The left-wing weekly magazine Proceso details each of them in its April 30 edition in a series of concerned articles about its favorite candidate.
In one article it describes a PRD meeting to discuss Calderón's April surge in the polls. Those who arrived with ideas for strategic adjustments never got to present them because López Obrador announced that he would continue to direct the campaign himself, and that he had no plans to change strategy.
There are two motives for hiring a campaign manager ? to maximize the time the candidate spends campaigning and to bring in expert opinion on the best strategies.
Both Madrazo and Calderón hired campaign strategists with proven track records in the U.S., people like Dick Morris, Rob Allyn, and Alex Castellanos, all of whom helped the last four U.S. presidents get elected. Both changed tactics when their campaigns seemed to stall, and for Calderón this has worked wonders.
Despite opinion polls that show him trailing Calderón, López Obrador denies that anyone else is even close to him. He cites polls of his own showing him with 40 percent of decided voters, compared with 30 percent for Calderón and 27 percent for Madrazo.
Fair enough as far as it goes, but he won't say who conducts his polls, the wording of the questions, the size and homogeneity of the samples ? or who's footing the bill.
He accuses Calderón and the president's office of manipulating poll results, a point he can't prove and one he never raised during the two years he was undisputed head of the pack.
He refuses to accept the notion that it was a mistake not to take part in the April 25 candidates' debate, where Calderón raised his standing by looking presidential.
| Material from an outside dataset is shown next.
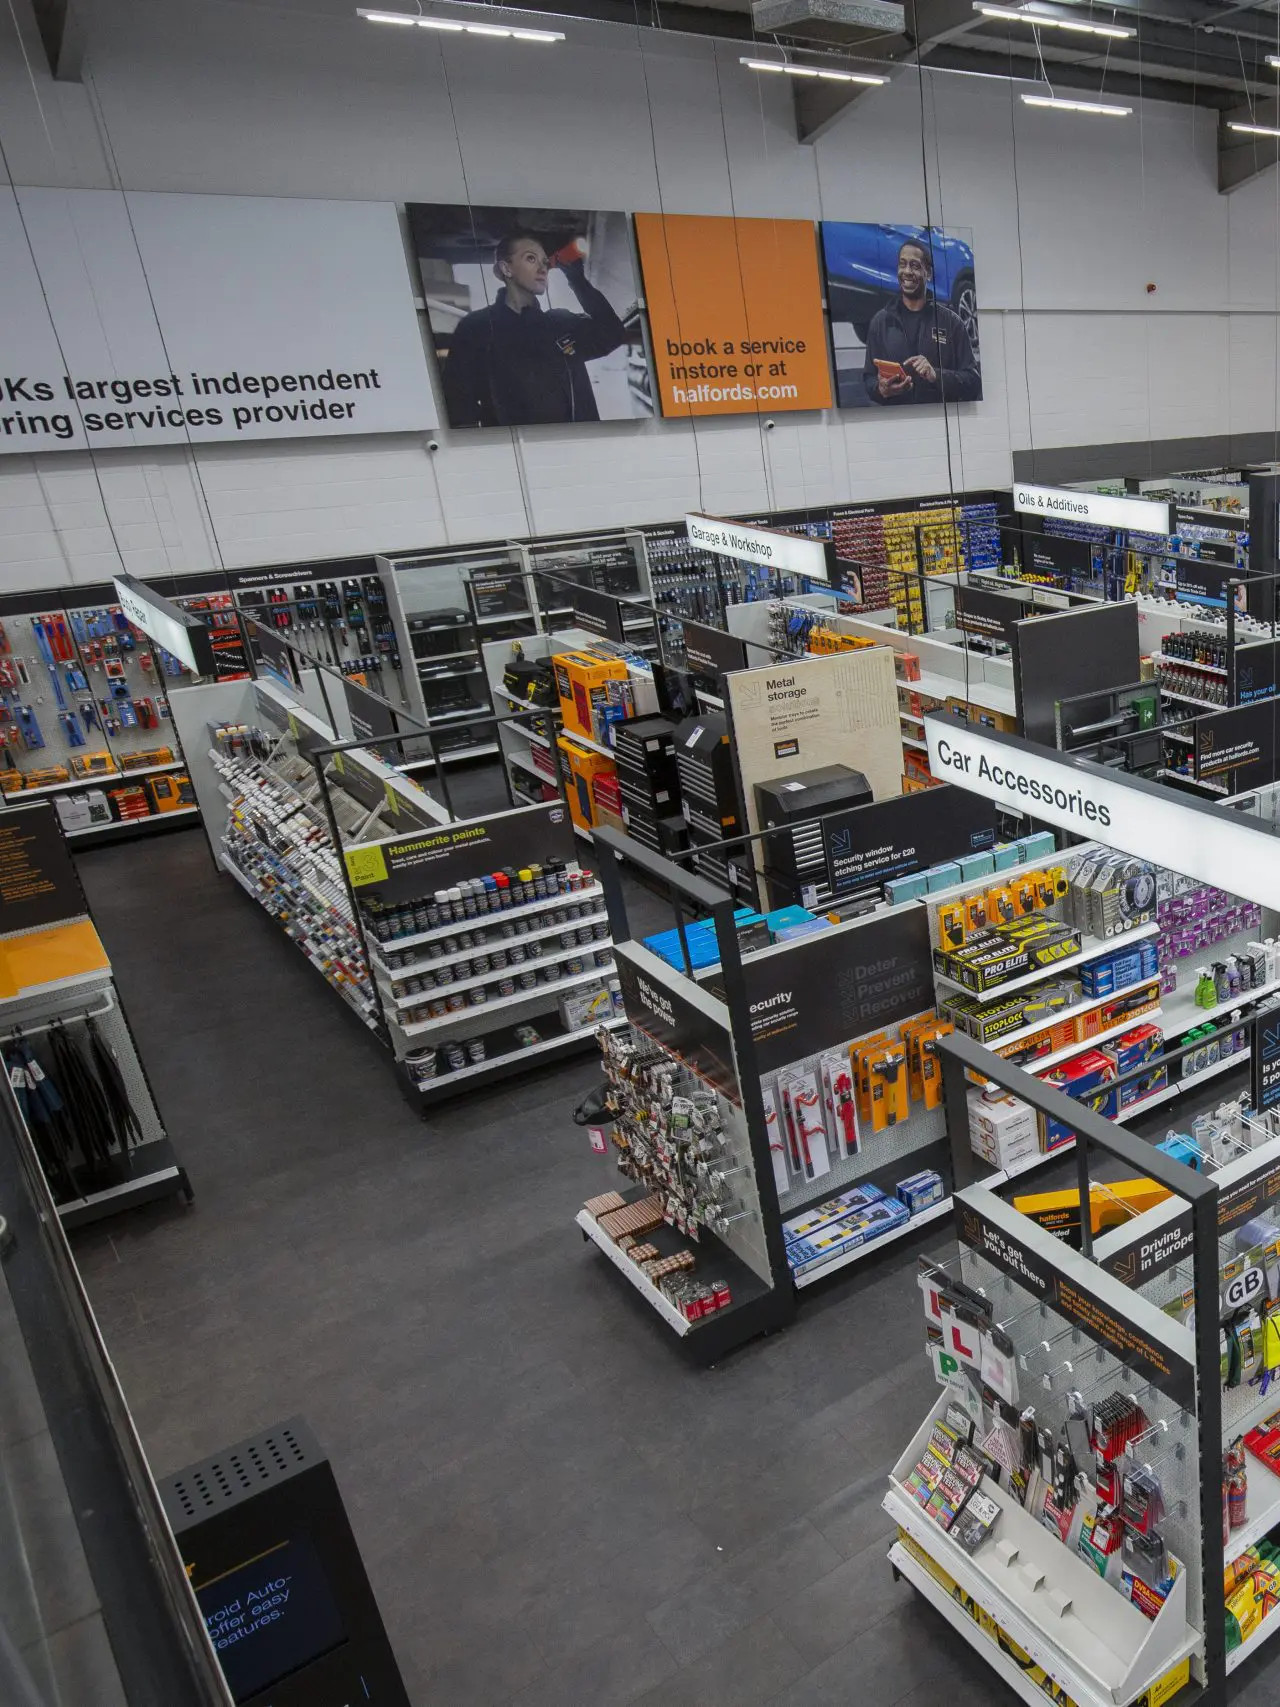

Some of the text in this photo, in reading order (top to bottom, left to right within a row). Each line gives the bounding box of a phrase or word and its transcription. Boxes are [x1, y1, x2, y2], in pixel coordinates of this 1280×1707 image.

López Obrador operates on intuition, his sense of what the people want. That's either his strong suit or his weak one, depending on whether voters prove him right. It worked last year in the "desafuero" scandal, when his political enemies tried to nip his chance to run for president in the bud by maliciously hanging a frivolous criminal charge on him.
Even his opponents in the press supported him in his fight against a capricious interpretation of law, and now he's got his chance to become Mexico's president. Whether the same formula works in that context remains to be seen.
Like many one-man shows, López Obrador has generated problems within the party.
One of the biggest is that he's failed to gain the support of the PRD's most prestigious member ? Cuauhtémoc Cárdenas, a party founder and its candidate in the past three elections.
The issue, says Cuauhtémoc's son Lázaro, governor of the State of Michoacan, is López Obrador's choices of candidates for the Senate and the Chamber of Deputies, some of whom are deserters from the PRI.
"It's nothing personal against him," said Lázaro. "There are people like my father and Porfirio Muñoz Ledo, who left the PRI as part of a democratic struggle: now others are arriving simply because they did not fit in the PRI lists or because it's better to ride the elevator that's going up." He said he and his father worry that this might turn the PRD into a recycled PRI.
Maybe so, but it might also be that the Cárdenas family, disappointed that Cuauhtémoc isn't the candidate this time around, is awaiting the failure of López Obrador so that Lázaro will be positioned to be the party's 2012 candidate.
There are still seven weeks before the July 2 elections ? plenty of time for more surprises. In a race as close as this one, anything can happen, especially if the candidate For the Good of All really does know something we don't.